**ABOUT THIS EXERCISE**.
Make an exact copy of all the records, one that contains none of the pictures.

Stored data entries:

* * * * *

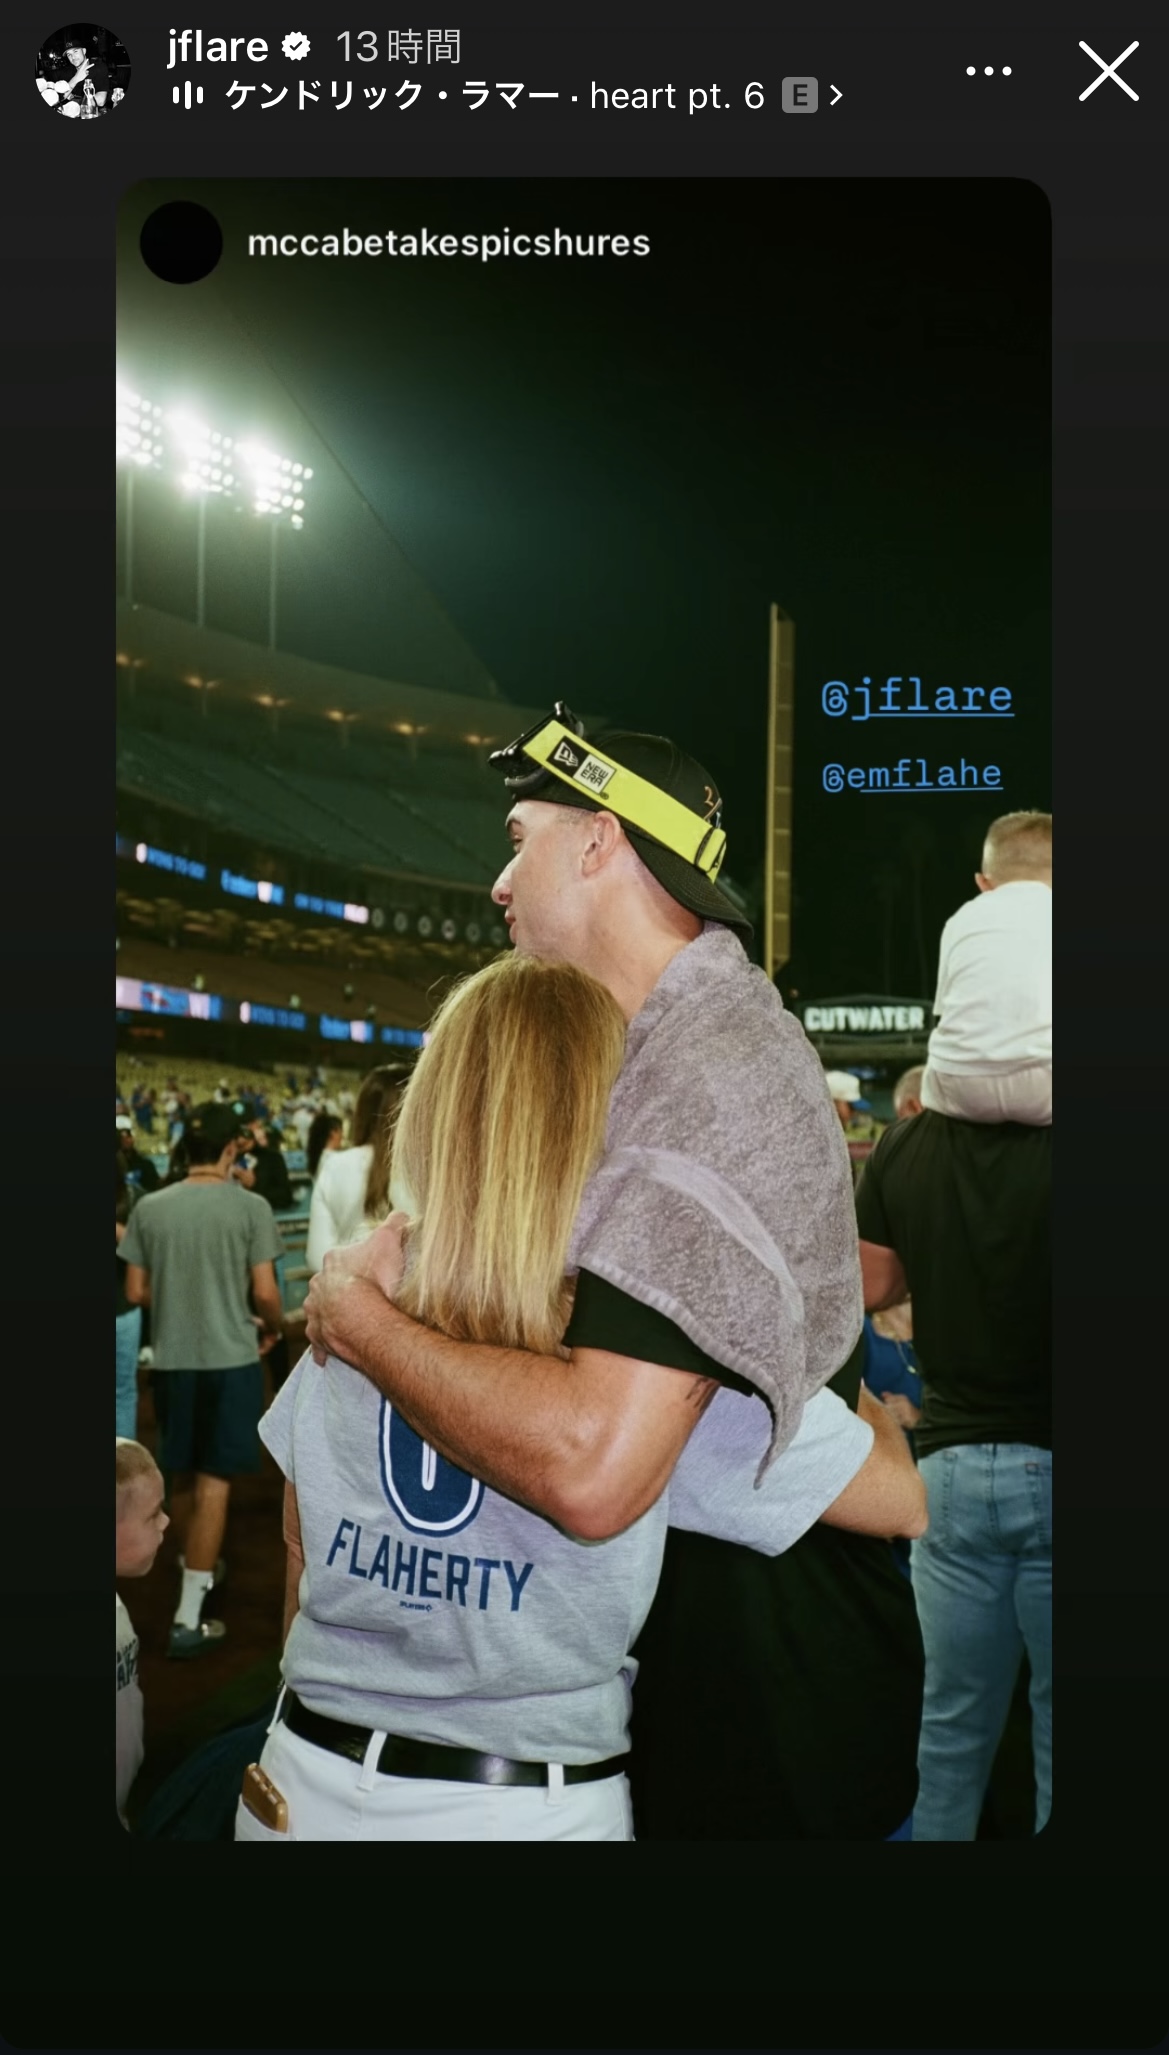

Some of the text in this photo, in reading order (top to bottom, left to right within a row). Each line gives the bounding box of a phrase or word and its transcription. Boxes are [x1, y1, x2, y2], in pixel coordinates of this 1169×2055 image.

[580, 769, 604, 787] ERA
[586, 761, 609, 779] NEW
[804, 1005, 925, 1032] CUTWATER
[325, 1518, 535, 1612] FLAHERTY

* * * * *

**ANSWER BELOW**.
Some of the text in this photo, in reading order (top to bottom, left to right within a row). Each line gives the bounding box of a phrase or word and its transcription. Boxes are [x1, y1, x2, y2], in pixel coordinates of this 1169×2055 image.

[580, 769, 604, 787] ERA
[586, 761, 609, 779] NEW
[804, 1005, 925, 1032] CUTWATER
[325, 1518, 535, 1612] FLAHERTY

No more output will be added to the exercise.